*** Begin section ***
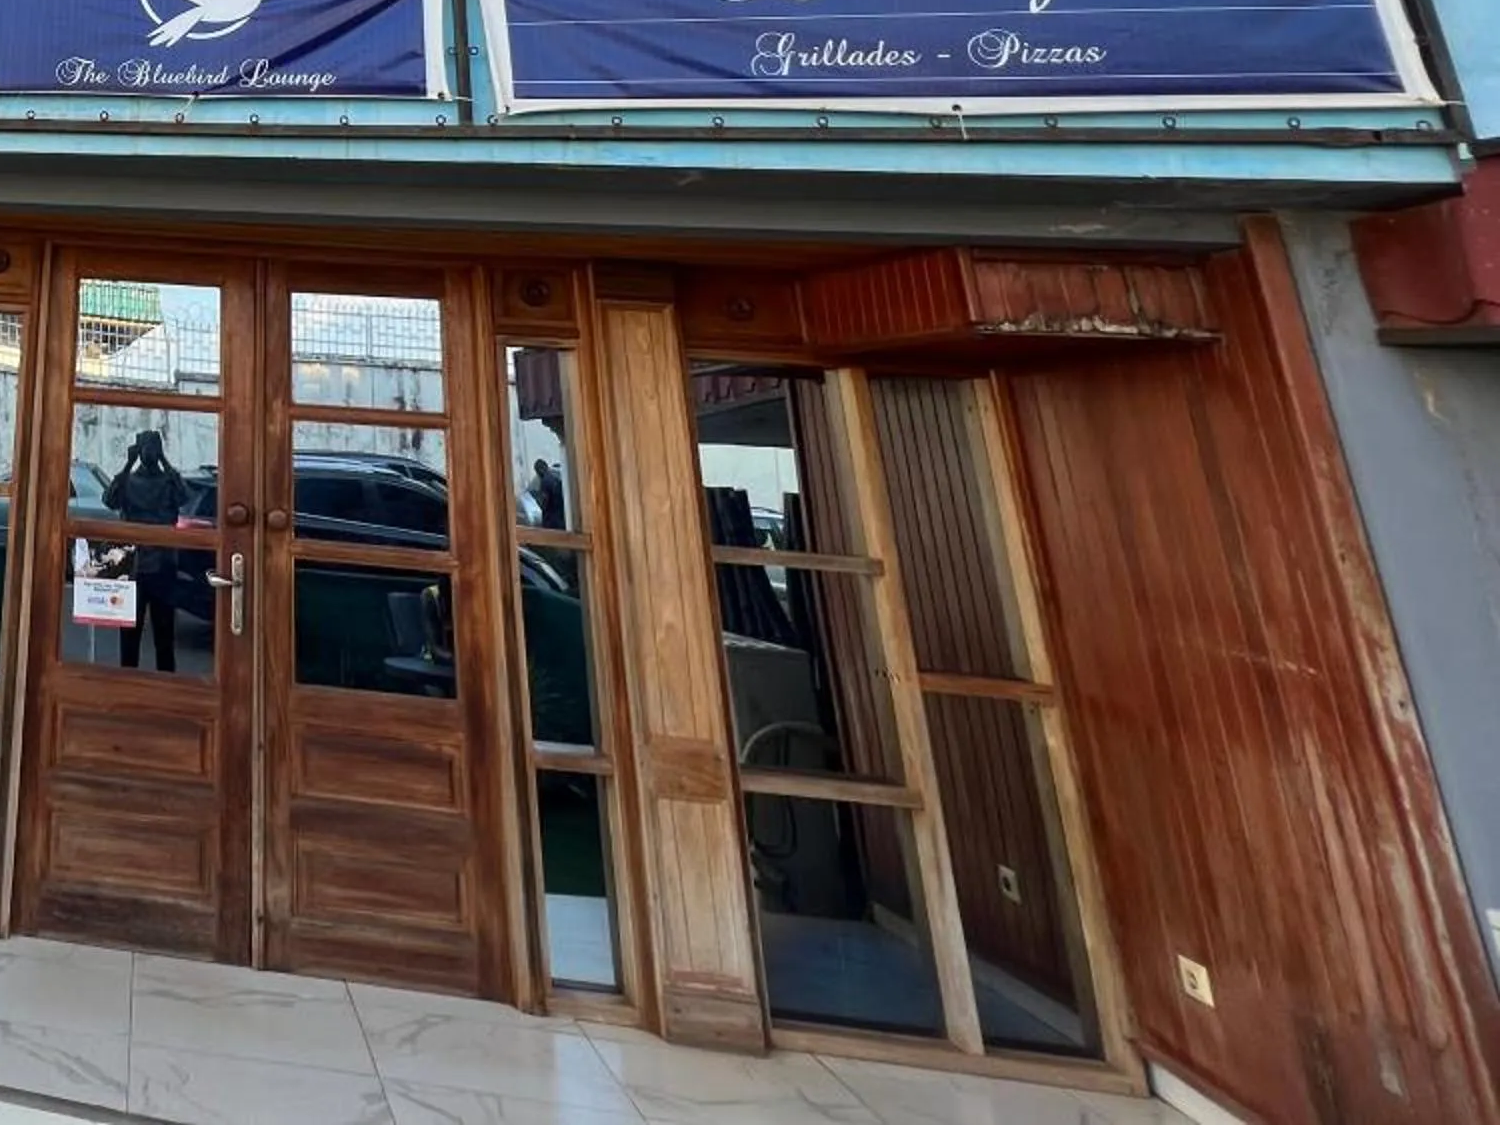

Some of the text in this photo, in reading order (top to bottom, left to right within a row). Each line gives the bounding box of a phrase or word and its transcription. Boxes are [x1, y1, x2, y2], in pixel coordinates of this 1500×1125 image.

[751, 31, 922, 77] Grillades
[967, 28, 1107, 68] Pizzas
[55, 56, 336, 93] The Bluebird Lounge
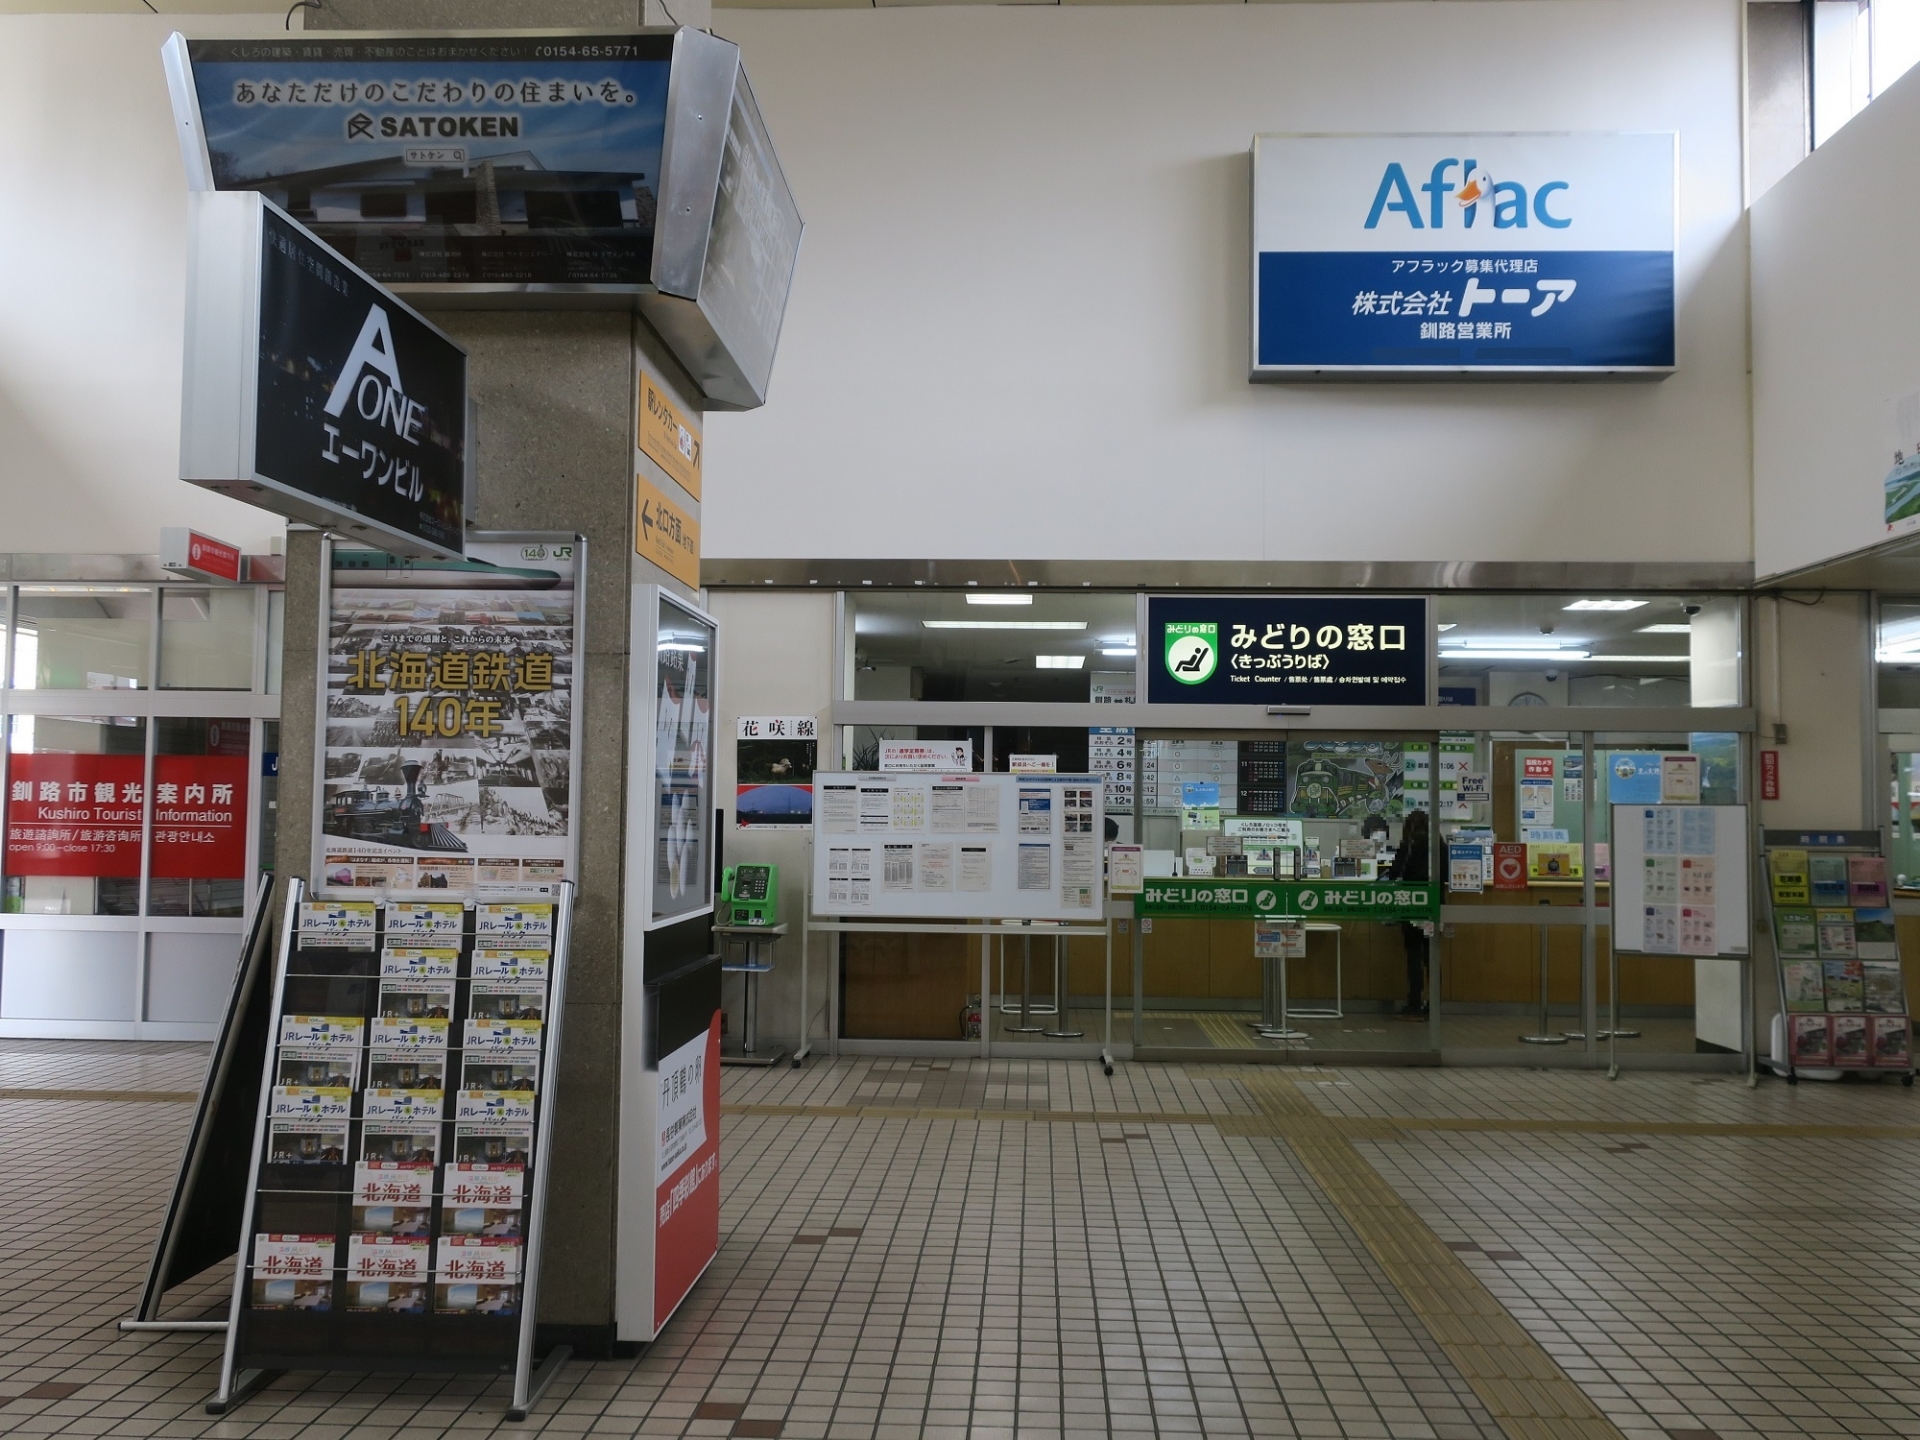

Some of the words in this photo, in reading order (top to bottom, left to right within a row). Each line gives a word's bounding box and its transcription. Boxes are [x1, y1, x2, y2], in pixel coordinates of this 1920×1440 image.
*** End section ***
# ACTIVITY
The aim is an exact repeat of the entire listing, stripped of pictures.

# TASK ANSWER
Some of the text in this photo, in reading order (top to bottom, left to right within a row). Each line gives the bounding box of a phrase or word and its transcription. Boxes are [x1, y1, x2, y2], in pixel coordinates of this 1500×1125 image.

[751, 31, 922, 77] Grillades
[967, 28, 1107, 68] Pizzas
[55, 56, 336, 93] The Bluebird Lounge

Some of the words in this photo, in reading order (top to bottom, left to right within a row). Each line gives a word's bounding box and its transcription. Boxes are [x1, y1, x2, y2], in pixel coordinates of this 1920×1440 image.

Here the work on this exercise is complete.